I like the idea of a trial run, that's interesting. I think I am going to concentrate in building my wealth more so before I majorly consider how to draw an income from it. I will go on a 3.5% rule most likely and then at the time I have enough money if I still want to do this! I will research my options. 1.7% dividend, I just need to figure how I will get the 2.8%. Selling my shares seems obvious but that still strikes me as being a way to ensure eventually I will have zero money as my shares will continue to go down in number for 40-60 years.

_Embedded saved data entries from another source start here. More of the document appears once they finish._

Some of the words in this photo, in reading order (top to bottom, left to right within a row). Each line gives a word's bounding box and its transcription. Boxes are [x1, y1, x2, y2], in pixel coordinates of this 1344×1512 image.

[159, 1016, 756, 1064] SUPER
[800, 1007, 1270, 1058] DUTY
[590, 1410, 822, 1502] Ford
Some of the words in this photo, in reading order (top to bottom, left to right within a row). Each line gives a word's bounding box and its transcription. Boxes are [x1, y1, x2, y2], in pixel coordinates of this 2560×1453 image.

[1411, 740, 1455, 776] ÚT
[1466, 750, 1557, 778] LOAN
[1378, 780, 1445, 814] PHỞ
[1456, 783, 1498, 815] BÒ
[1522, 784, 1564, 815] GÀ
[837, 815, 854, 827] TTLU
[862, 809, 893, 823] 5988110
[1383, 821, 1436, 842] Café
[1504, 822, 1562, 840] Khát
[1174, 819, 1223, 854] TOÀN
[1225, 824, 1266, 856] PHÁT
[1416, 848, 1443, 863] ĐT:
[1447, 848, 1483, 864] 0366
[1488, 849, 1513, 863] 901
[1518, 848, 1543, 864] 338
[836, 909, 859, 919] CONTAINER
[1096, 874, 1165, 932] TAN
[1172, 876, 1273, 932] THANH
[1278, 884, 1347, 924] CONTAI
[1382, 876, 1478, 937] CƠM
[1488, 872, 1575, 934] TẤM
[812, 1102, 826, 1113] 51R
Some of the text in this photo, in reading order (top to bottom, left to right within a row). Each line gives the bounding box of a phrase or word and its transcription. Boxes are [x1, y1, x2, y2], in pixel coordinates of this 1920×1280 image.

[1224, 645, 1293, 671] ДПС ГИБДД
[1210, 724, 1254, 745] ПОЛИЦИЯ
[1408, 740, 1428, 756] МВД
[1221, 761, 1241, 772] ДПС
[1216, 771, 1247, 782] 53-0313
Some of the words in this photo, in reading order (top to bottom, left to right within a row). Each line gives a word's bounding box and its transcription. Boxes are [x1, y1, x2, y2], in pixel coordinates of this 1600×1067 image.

To be honest Jacob, I am rethinking whether I even want to achieve FI in the sense of not working anymore, escaping the rate race for good, kick it back at home with the 1 can of beer I can afford a week hehe. I am concentrating more on finding happiness and some peace of mind in the here and now instead of putting this on a pedestal and thinking/idealising what life will be like afterward.

I am thinking that achieving financial independence will be a goal still, but retiring as it were in my early thirties is out of the question now. I still want to contribute to society at the level of working and creating, doing etc. I just like the idea of being able to cover myself if anything happened, like the idea of being able to change jobs if I don't like things, take a pay cut to do things I prefer, eventually go part time perhaps etc. the idea of stopping working altogether has lost its allure as of late, this could change though I'm sure hehe :)

I have freed my mind up a little from obsessing over purchases, and having to pay for such and such, I am not wasting money on things that provide little gain or use but neither am I so concerned about hitting bang on 50% of savings, or bang on such and such. I budgeted to tightly and I am realising this now. I have relatively small outgoings but I have added in more 'unexpected outgoings' money if which I only had $1200 a year. I also had $0 big purchases (more than $150) and $0 for holidays. I feel like I would become like my father and be a Scrooge at this rate so I am changing that.

I think for myself and my own needs, I was being too extreme, concentrating too much on the numbers and changing from 23 years, to 20 years, to 13 years, 10, 8 and now 5. I think I would rather push this back to 8 years. I wasn't even happy with the prospect of 3 years which would of been possible if I kept my part time job of helping my disabled friend and living on bare minimum. I guess I prefer a life with a little more flexibility with regard to spending, and less strictness, penny watching etc.

I may be back to chasing FI though when I go back to work on Tuesday :)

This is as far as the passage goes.